Instructions for the task: Set down every entry exactly as it stands, omitting any picture.

Given entries:
###
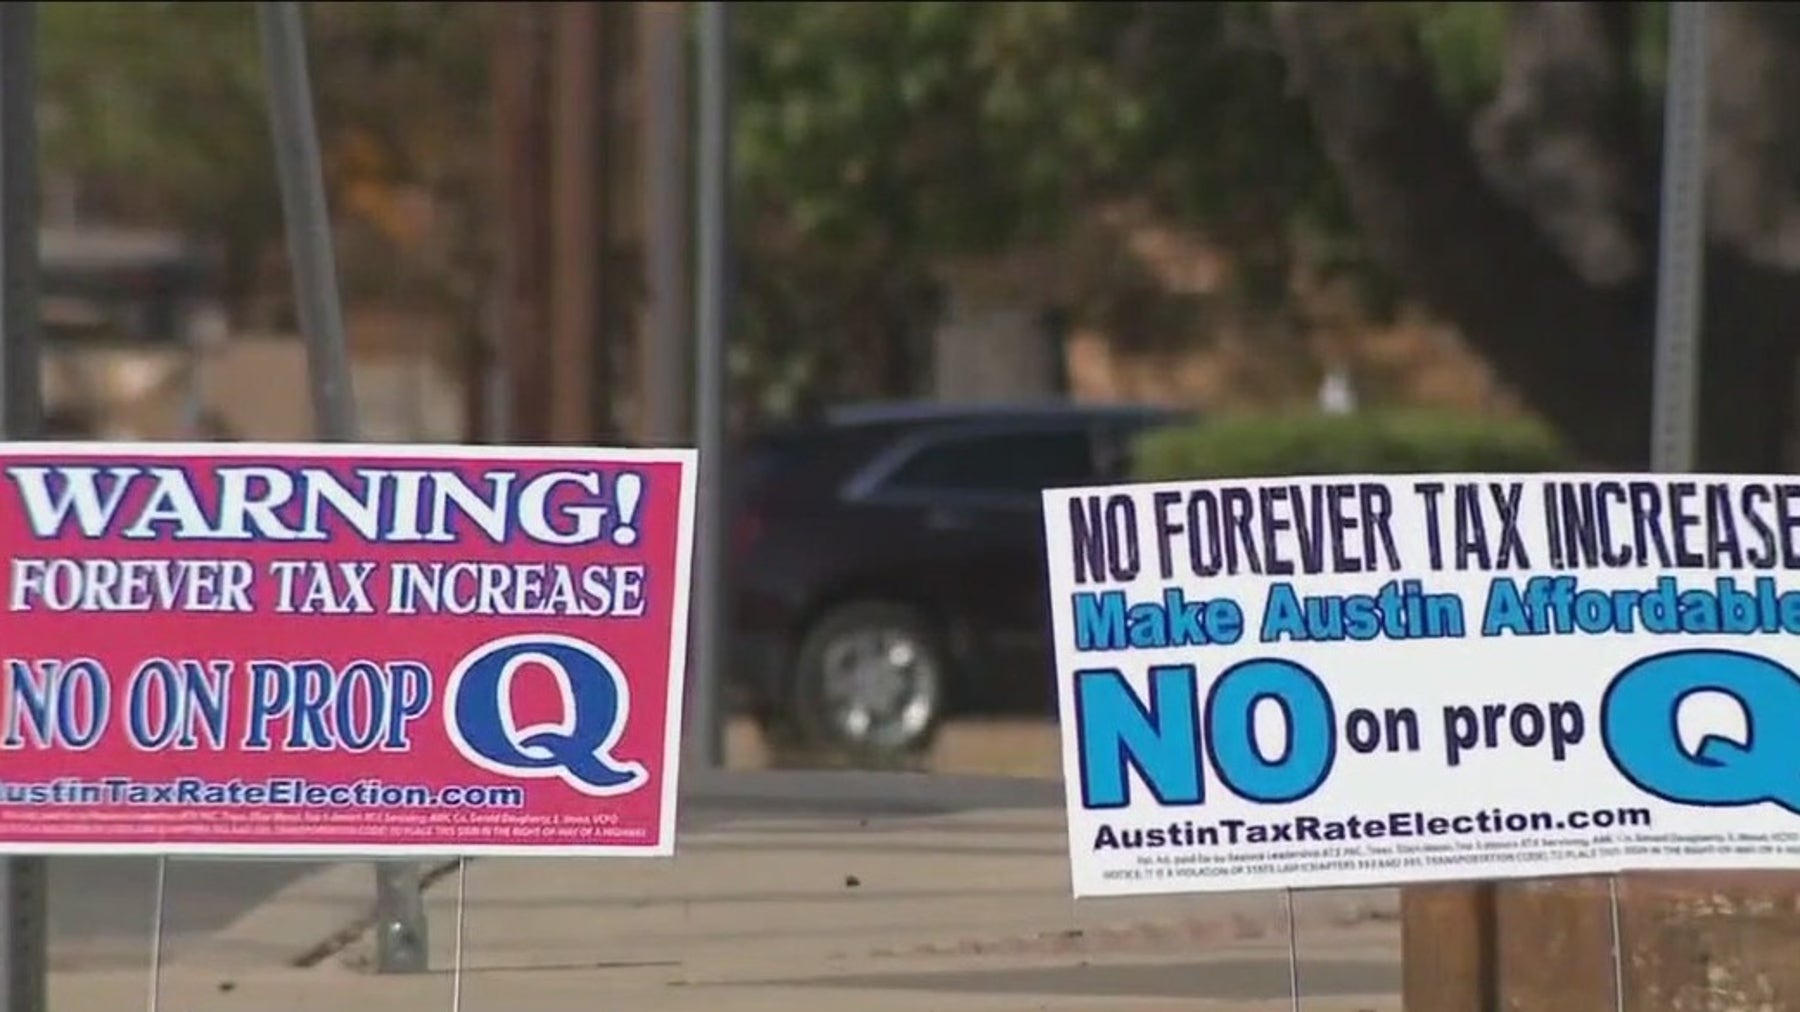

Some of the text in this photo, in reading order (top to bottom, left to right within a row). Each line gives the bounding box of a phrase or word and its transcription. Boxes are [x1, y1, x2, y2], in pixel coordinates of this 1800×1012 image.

[5, 465, 643, 546] WARNING!
[1069, 482, 1800, 583] NO FOREVER TAX INCREASE
[9, 557, 646, 617] FOREVER TAX INCREASE
[1071, 587, 1244, 651] Make
[1259, 578, 1466, 643] Austin
[3, 632, 649, 797] NO ON PROP Q
[1073, 648, 1800, 816] NO on prop Q
[0, 776, 524, 807] ustinTaxRateElection.com
[1093, 807, 1651, 851] AustinTaxRateElection.com
###
Response area:
Some of the text in this photo, in reading order (top to bottom, left to right within a row). Each line gives the bounding box of a phrase or word and its transcription. Boxes are [x1, y1, x2, y2], in pixel coordinates of this 1800×1012 image.

[5, 465, 643, 546] WARNING!
[1069, 482, 1800, 583] NO FOREVER TAX INCREASE
[9, 557, 646, 617] FOREVER TAX INCREASE
[1071, 587, 1244, 651] Make
[1259, 578, 1466, 643] Austin
[3, 632, 649, 797] NO ON PROP Q
[1073, 648, 1800, 816] NO on prop Q
[0, 776, 524, 807] ustinTaxRateElection.com
[1093, 807, 1651, 851] AustinTaxRateElection.com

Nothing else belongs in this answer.